Department of Urology, Lanzhou University Second Hospital, Lanzhou, 730000, Gansu, China.
Institute of Urology, Lanzhou University Second Hospital, Lanzhou, 730030, Gansu, China.
Int Urol Nephrol. 2024 Jan;56(1):103-120. doi: 10.1007/s11255-023-03765-0. Epub 2023 Sep 2.
To investigate the effectiveness and safety of device-assisted intravesical chemotherapy compared to Bacillus Calmette-Guerin (BCG) in the treatment of patients with intermediate- and high-risk non-muscle-invasive bladder cancer (NMIBC).
In February 2023, a systematic search was conducted on the PubMed, Cochrane, and Embase databases. Following the PRISMA guidelines, a systematic review and meta-analysis of the primary outcomes of interest were performed. The review was prospectively registered on PROSPERO under the registration number CRD42023398559.

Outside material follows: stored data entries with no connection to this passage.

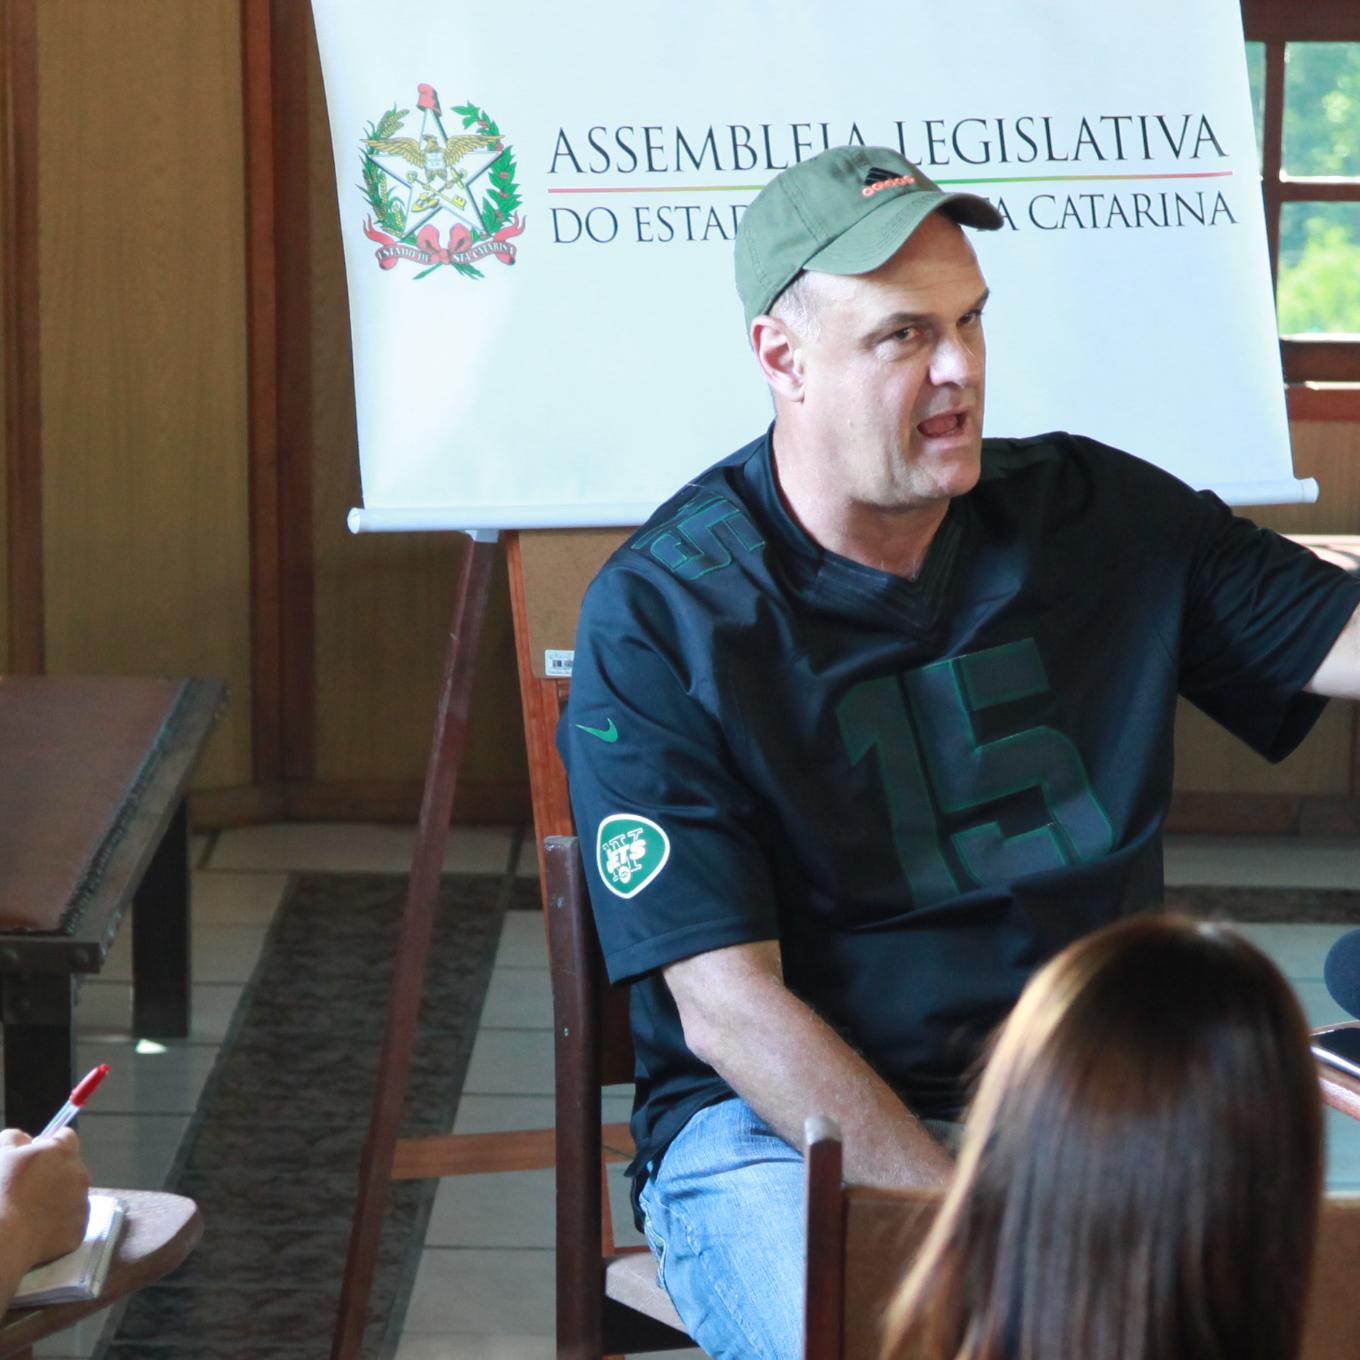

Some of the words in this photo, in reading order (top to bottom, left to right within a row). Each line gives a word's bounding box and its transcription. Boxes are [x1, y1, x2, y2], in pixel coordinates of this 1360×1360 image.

[892, 113, 1230, 166] LEGISLATIVA
[549, 206, 619, 244] DO
[1028, 190, 1240, 230] CATARINA
[834, 636, 1115, 912] 15
[605, 838, 647, 874] JETS

A total of 10 studies involving 1160 patients were included. The results of the meta-analysis showed that compared to BCG, device-assisted chemotherapy had a lower recurrence rate (OR: 0.63, 95% CI: 0.48-0.84, p = 0.001), longer recurrence-free survival (OR: 0.64, 95% CI: 0.47-0.88, p = 0.006), and lower incidence of fever (OR: 0.18, 95% CI: 0.08-0.44, p = 0.0002). However, no significant differences were observed between the two groups in terms of progression, overall survival, progression-free survival, disease-free survival, overall adverse events, serious adverse events, hematuria, allergy, and general discomfort. Subgroup analysis revealed that neither chemohyperthermia (CHT) nor electromotive drug administration (EMDA) showed statistically significant differences in oncological outcomes compared to BCG. Regarding adverse events, both CHT and EMDA groups showed lower rates of fever compared to the BCG group (OR: 0.26, 95% CI: 0.10-0.67, p = 0.005, and OR: 0.14, 95% CI: 0.05-0.37, p < 0.0001, respectively). No significant differences were observed in the remaining adverse events between either the CHT or EMDA group and the BCG group.
Device-assisted intravesical chemotherapy appears to be a safe and viable alternative to BCG for patients with intermediate and high-risk NMIBC, showing comparable oncological outcomes and adverse events.
研究与卡介苗(BCG)相比,器械辅助膀胱内化疗在治疗中高危非肌肉浸润性膀胱癌(NMIBC)患者中的疗效和安全性。
2023 年 2 月,对 PubMed、Cochrane 和 Embase 数据库进行系统检索。根据 PRISMA 指南,对主要结局进行系统评价和荟萃分析。该综述前瞻性地在 PROSPERO 上以注册号 CRD42023398559 进行了注册。
共纳入 10 项研究,涉及 1160 名患者。荟萃分析结果显示,与 BCG 相比,器械辅助化疗具有更低的复发率(OR:0.63,95%CI:0.48-0.84,p=0.001)、更长的无复发生存时间(OR:0.64,95%CI:0.47-0.88,p=0.006)和更低的发热发生率(OR:0.18,95%CI:0.08-0.44,p=0.0002)。然而,两组在进展、总生存、无进展生存、无病生存、总体不良事件、严重不良事件、血尿、过敏和一般不适方面无显著差异。亚组分析显示,与 BCG 相比,化疗热疗(CHT)和电动力药物输送(EMDA)在肿瘤学结局方面均无统计学差异。关于不良事件,CHT 和 EMDA 组与 BCG 组相比,发热发生率均较低(OR:0.26,95%CI:0.10-0.67,p=0.005,OR:0.14,95%CI:0.05-0.37,p<0.0001)。CHT 或 EMDA 组与 BCG 组之间的其余不良事件无显著差异。
器械辅助膀胱内化疗似乎是中高危 NMIBC 患者替代 BCG 的一种安全可行的方法,具有相似的肿瘤学结局和不良事件。